Deviating from the Original Plan

Uruguay’s senate passed the legislation with a 17-14 vote, although not without serious debate and a number of compromises. The bill’s original structure and its controversial content required extensive altering in order to secure its narrow passage from hesitant lawmakers. According to the revised legislation, pregnant women must acknowledge to their doctor their intention of seeking out an abortion. The women are then required to justify their decision in front of a panel of medical experts prior to the actual aborting of the fetus. The interdisciplinary team of experts must meet with the intended patient to inform her about the law, the process of abortion, and any inherent risks of the procedure. The panel will also inform her of alternatives to abortion and offer psycho-social support.[1]

However many women would prefer not to talk about such a difficult moral conundrum with a room of unfamiliar medical professionals. Martha Aguñín, spokeswoman for Mujer y Salud en Uruguay, or Women and Health in Uruguay, said, “We see this law as minimal; it is not what we were hoping for… When women make a decision of this kind, we don’t need to be instructed to reflect on it, because we already do that in a conscious, adult, responsible manner.” [2]

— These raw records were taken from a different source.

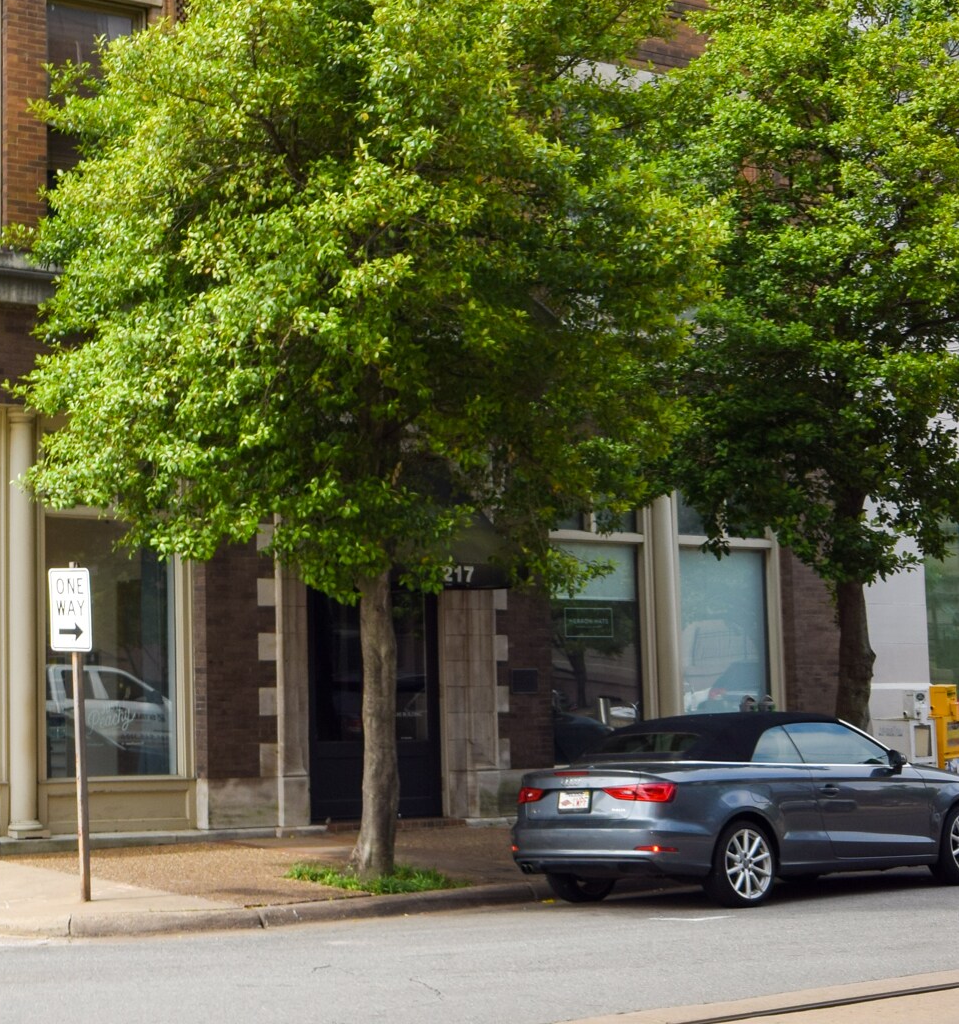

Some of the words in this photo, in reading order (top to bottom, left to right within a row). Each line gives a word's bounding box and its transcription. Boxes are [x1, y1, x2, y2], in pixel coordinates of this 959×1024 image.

[441, 565, 475, 583] 217
[56, 578, 84, 595] ONE
[56, 600, 85, 616] WAY
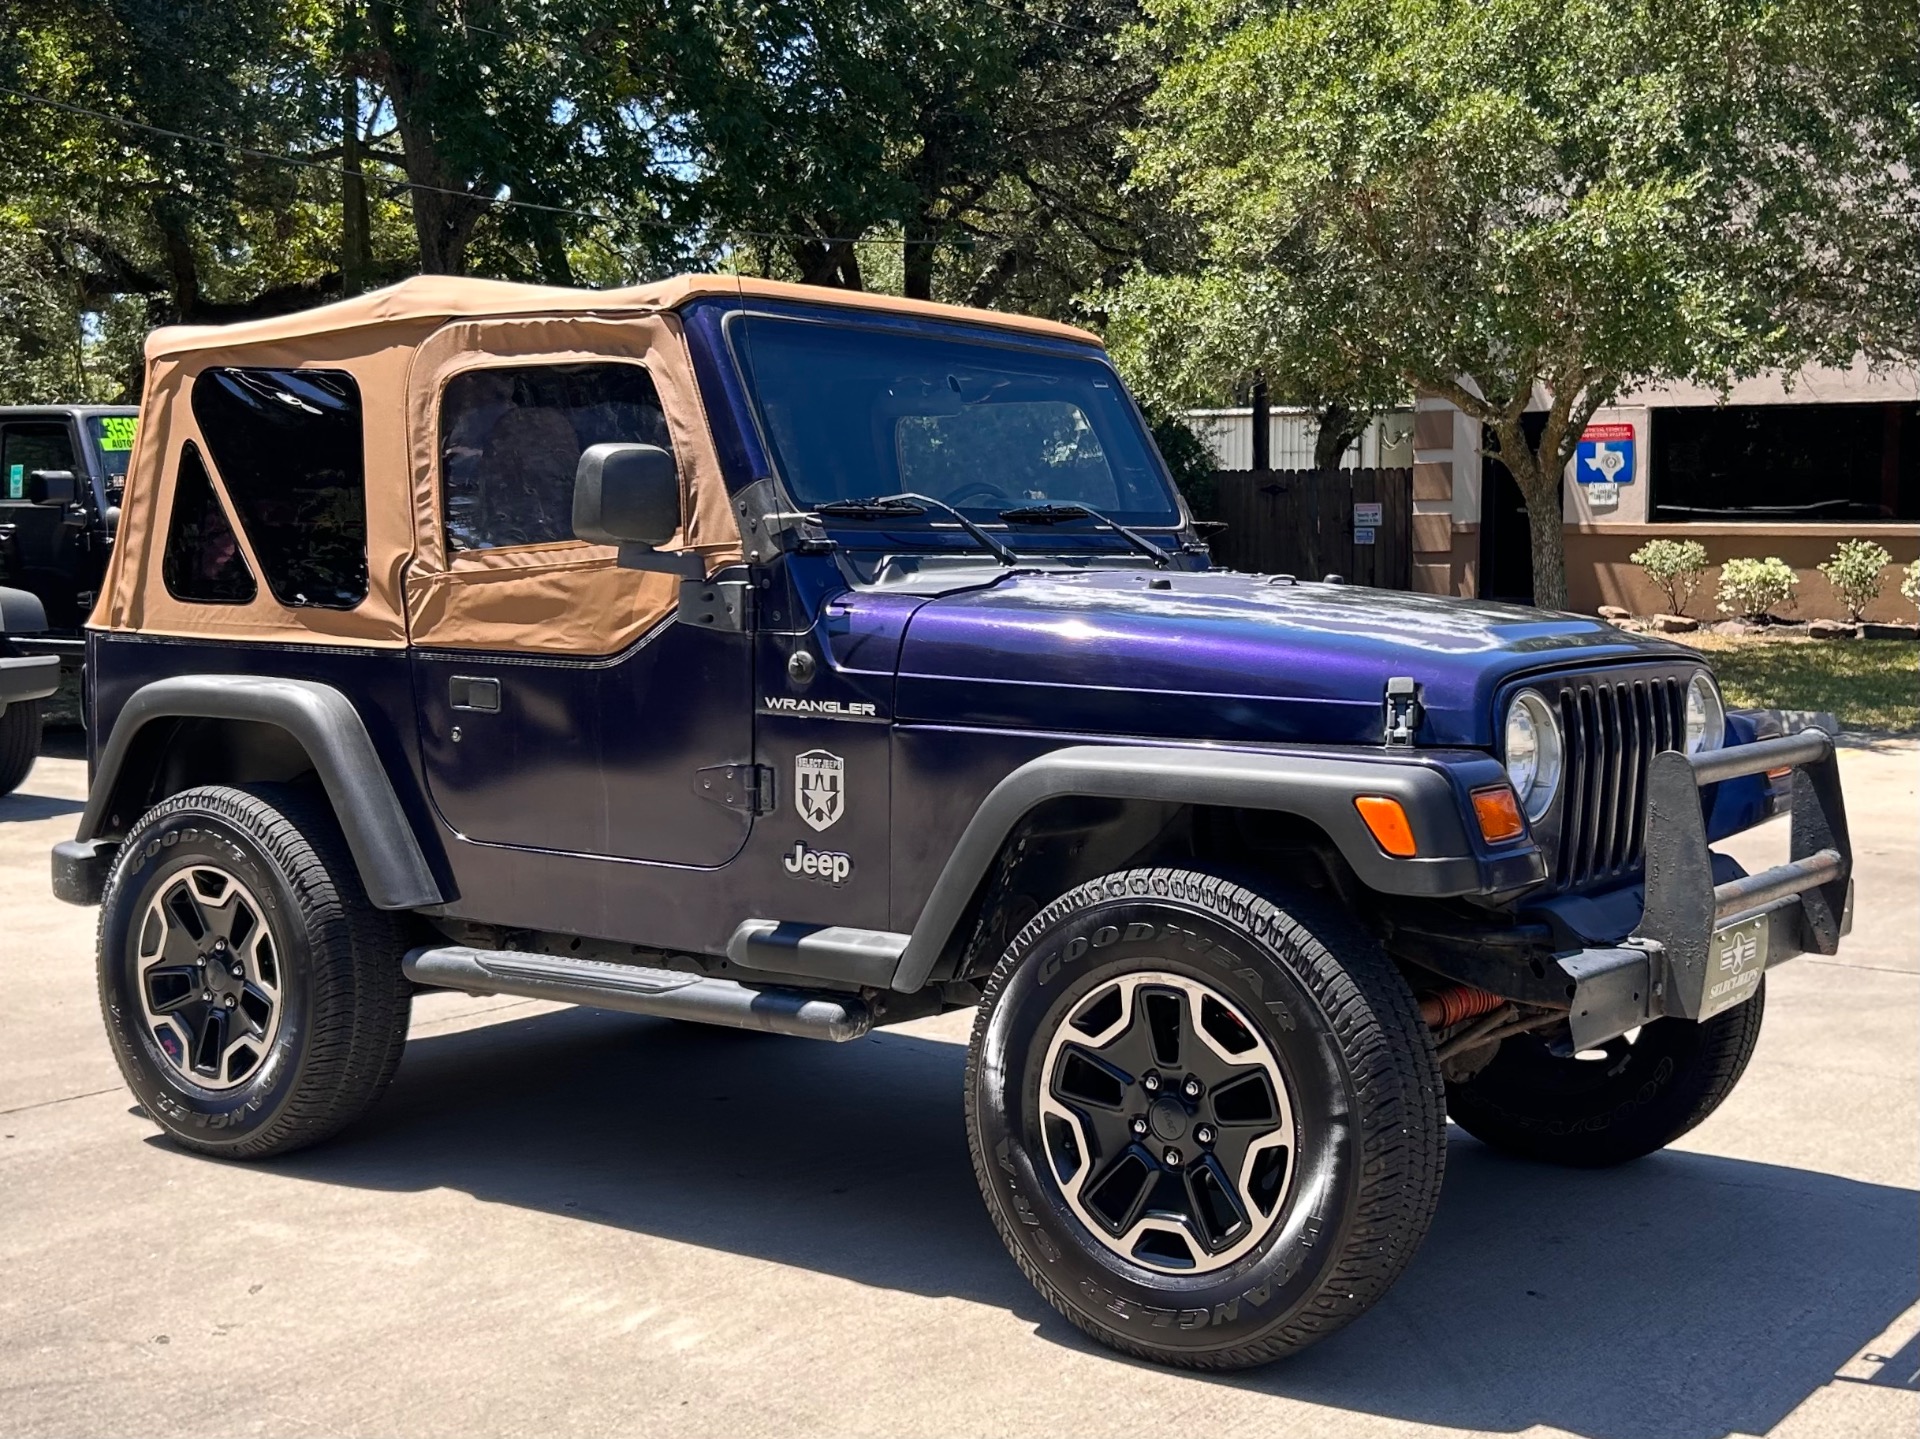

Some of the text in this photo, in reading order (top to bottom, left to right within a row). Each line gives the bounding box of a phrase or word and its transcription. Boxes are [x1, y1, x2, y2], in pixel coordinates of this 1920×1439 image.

[112, 439, 135, 448] AUTO
[764, 697, 876, 716] WRANGLER
[798, 757, 842, 770] SELECT JEEPS
[784, 844, 850, 882] Jeep
[1038, 922, 1297, 1032] GOODYEAR
[1080, 1215, 1323, 1331] WRANGLER

Another pertinent issue is that women living in Uruguay’s rural areas may have problems accessing abortion clinics. Critics of the legislation cite severe health risks for abortion-seeking rural women who lack access to the safest health clinics in major cities. According to the World Health Organization, South America has a high incidence of unsafe abortions, totaling close to 35 per 1000 live-births. More alarmingly, 17 percent of maternal deaths in Latin America occur due to unsafe abortions.[3]

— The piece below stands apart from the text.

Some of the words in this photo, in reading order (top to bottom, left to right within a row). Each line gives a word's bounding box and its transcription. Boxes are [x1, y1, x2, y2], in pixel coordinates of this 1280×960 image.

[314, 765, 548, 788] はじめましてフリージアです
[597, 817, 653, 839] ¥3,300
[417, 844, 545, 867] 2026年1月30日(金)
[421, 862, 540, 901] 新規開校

Regardless of these alarming statistics and the bill’s limitations, the measure establishes the right to a safe abortion and allows the women of Uruguay to have a greater sense of control over their own bodies. Furthermore, previous legislation provides a reasonable level of reassurance that Uruguay is better prepared for performing abortions than most developing countries in Latin America are able to guarantee. Ana Labandera, president of health organization Iniciativas Sanitarias, spoke optimistically about Uruguay’s health care system, reminding skeptics that, “there are now trained professionals in different parts of the country, thanks to articles of the 2008 law on sexual and reproductive health that were not vetoed by Vázquez.”[4]

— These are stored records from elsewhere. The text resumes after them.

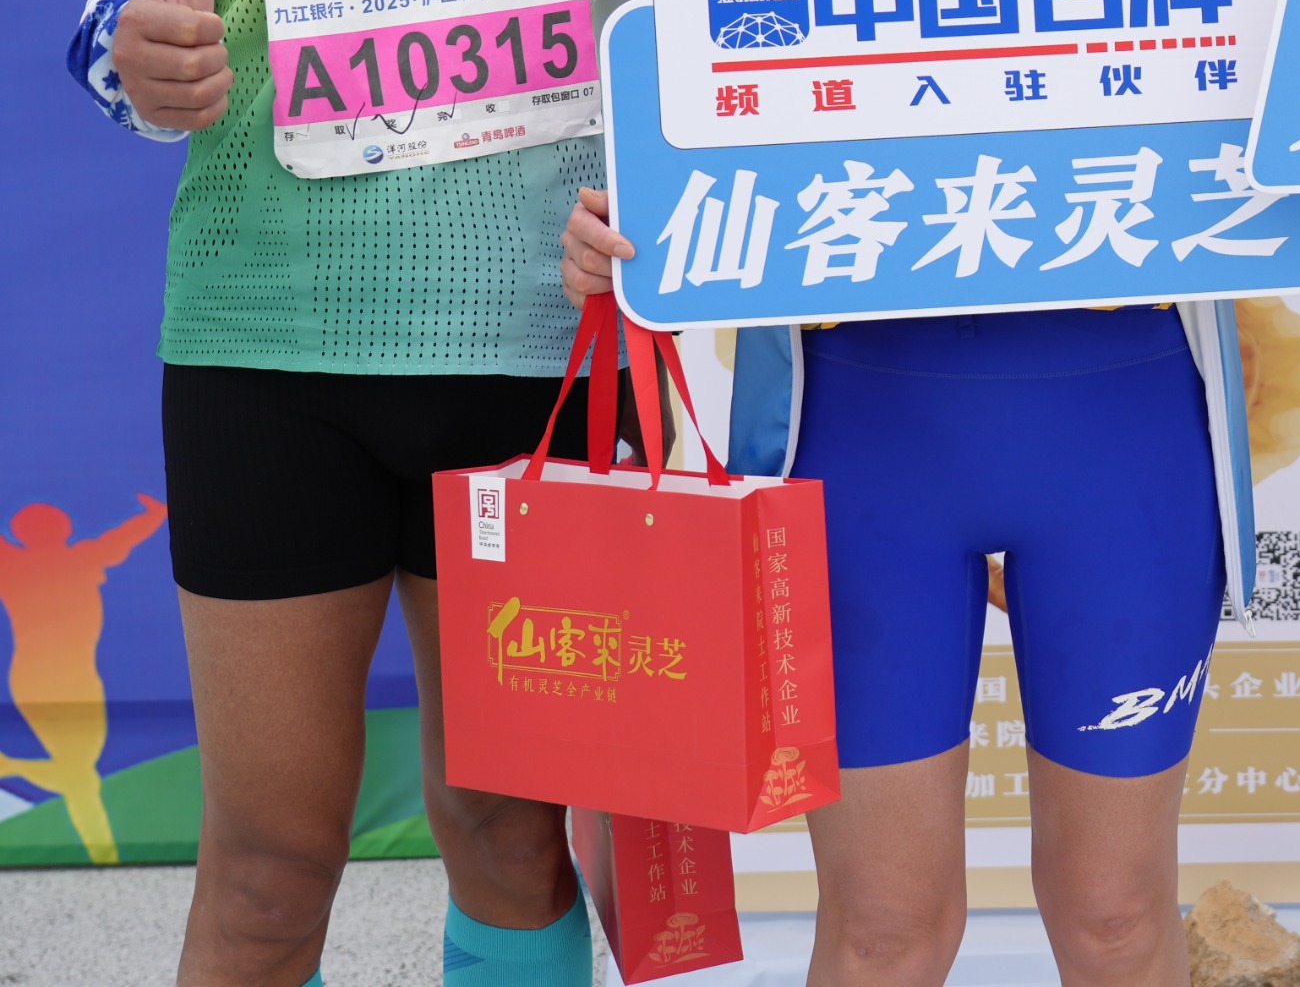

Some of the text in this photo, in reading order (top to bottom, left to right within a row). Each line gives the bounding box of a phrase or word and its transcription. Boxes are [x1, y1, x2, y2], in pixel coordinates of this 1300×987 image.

[287, 10, 579, 117] A10315
[532, 86, 595, 106] 存取包窗口 07
[715, 59, 1238, 117] 频道入驻伙伴
[486, 103, 496, 113] 收
[481, 125, 526, 143] 青岛啤酒
[386, 140, 428, 154] 洋河股份
[388, 150, 430, 160] YANGHE
[656, 142, 1293, 295] 仙客来灵芝
[478, 521, 494, 530] China
[766, 526, 801, 726] 国家高新技术企业
[508, 675, 618, 704] 有机灵芝全产业链

Source: Periodistas en espanol

Uruguay’s Population and the Church

In terms of religion, the decriminalization of abortion highlights Uruguay’s progressive path in Latin America’s bastion of Roman Catholicism. Naturally, many religious institutions were outraged by the law and have even challenged the legality of legislation decriminalizing abortion. Immediately following the legislation’s passage, Bishop Heriberto Bodeant publically condemned any Catholics engaging in the act. According to the bishops website, “Automatic excommunication is for those who collaborate in the execution of an abortion in a direct way, and direct means committing that specific act.”[5] The impact of the Church’s remarks on Uruguay’s population is yet to be determined. Despite Uruguay’s historic Catholic dominance, its Protestant, Jewish, and atheist populations have increased in recent years. Unsurprisingly, religious institutions have attributed this decline to Montevideo’s failure to successfully promote religious awareness, attitudes and practices.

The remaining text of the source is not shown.